*** Opening Information supplied ***

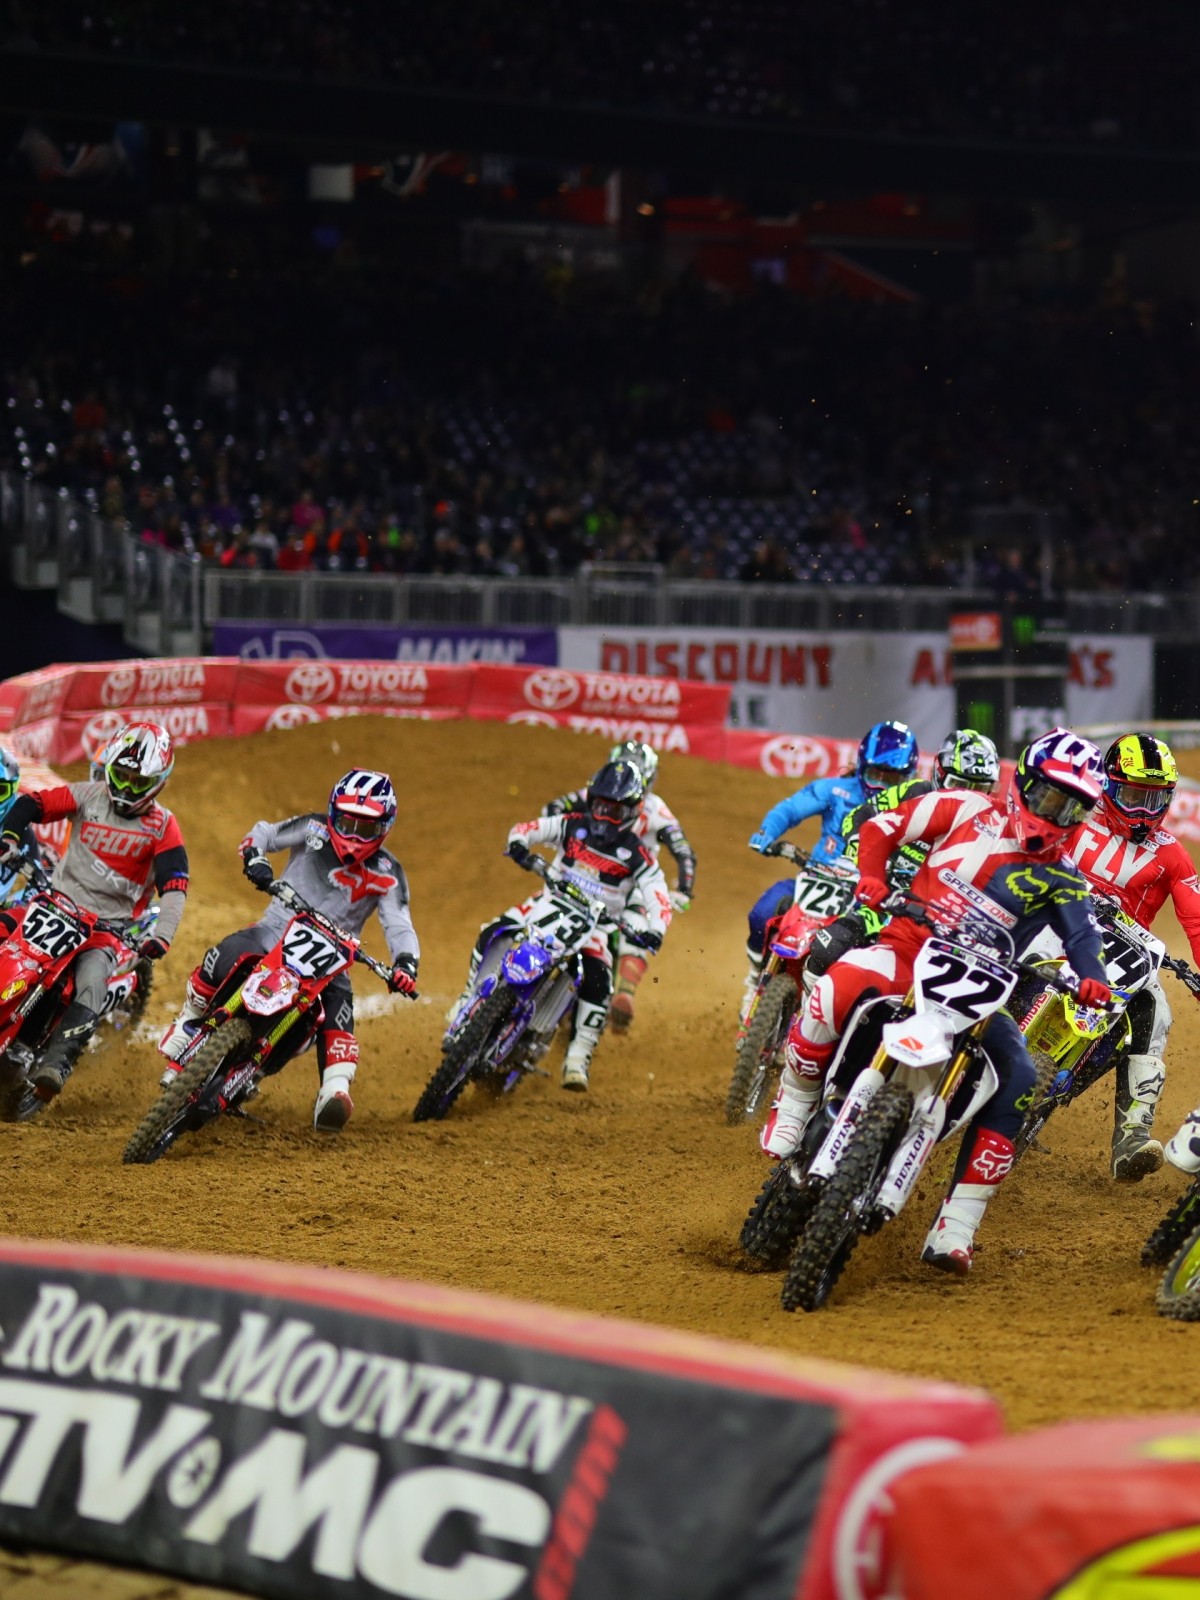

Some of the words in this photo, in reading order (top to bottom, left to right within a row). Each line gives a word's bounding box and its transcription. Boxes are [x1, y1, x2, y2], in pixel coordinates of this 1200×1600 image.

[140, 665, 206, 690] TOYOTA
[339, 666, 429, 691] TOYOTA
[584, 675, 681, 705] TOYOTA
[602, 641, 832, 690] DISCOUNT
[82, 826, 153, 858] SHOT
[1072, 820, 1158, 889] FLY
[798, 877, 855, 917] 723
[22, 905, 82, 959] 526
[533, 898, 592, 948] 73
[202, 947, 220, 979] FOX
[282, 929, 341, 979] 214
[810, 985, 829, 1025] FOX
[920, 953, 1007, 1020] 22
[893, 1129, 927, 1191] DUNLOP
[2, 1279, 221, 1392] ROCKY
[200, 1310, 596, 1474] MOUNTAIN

*** Closing Information supplied ***

• [What this task involves]: Write every line above out again exactly; pictures do not belong in the copy.

• [Answer to the problem]:
Some of the words in this photo, in reading order (top to bottom, left to right within a row). Each line gives a word's bounding box and its transcription. Boxes are [x1, y1, x2, y2], in pixel coordinates of this 1200×1600 image.

[140, 665, 206, 690] TOYOTA
[339, 666, 429, 691] TOYOTA
[584, 675, 681, 705] TOYOTA
[602, 641, 832, 690] DISCOUNT
[82, 826, 153, 858] SHOT
[1072, 820, 1158, 889] FLY
[798, 877, 855, 917] 723
[22, 905, 82, 959] 526
[533, 898, 592, 948] 73
[202, 947, 220, 979] FOX
[282, 929, 341, 979] 214
[810, 985, 829, 1025] FOX
[920, 953, 1007, 1020] 22
[893, 1129, 927, 1191] DUNLOP
[2, 1279, 221, 1392] ROCKY
[200, 1310, 596, 1474] MOUNTAIN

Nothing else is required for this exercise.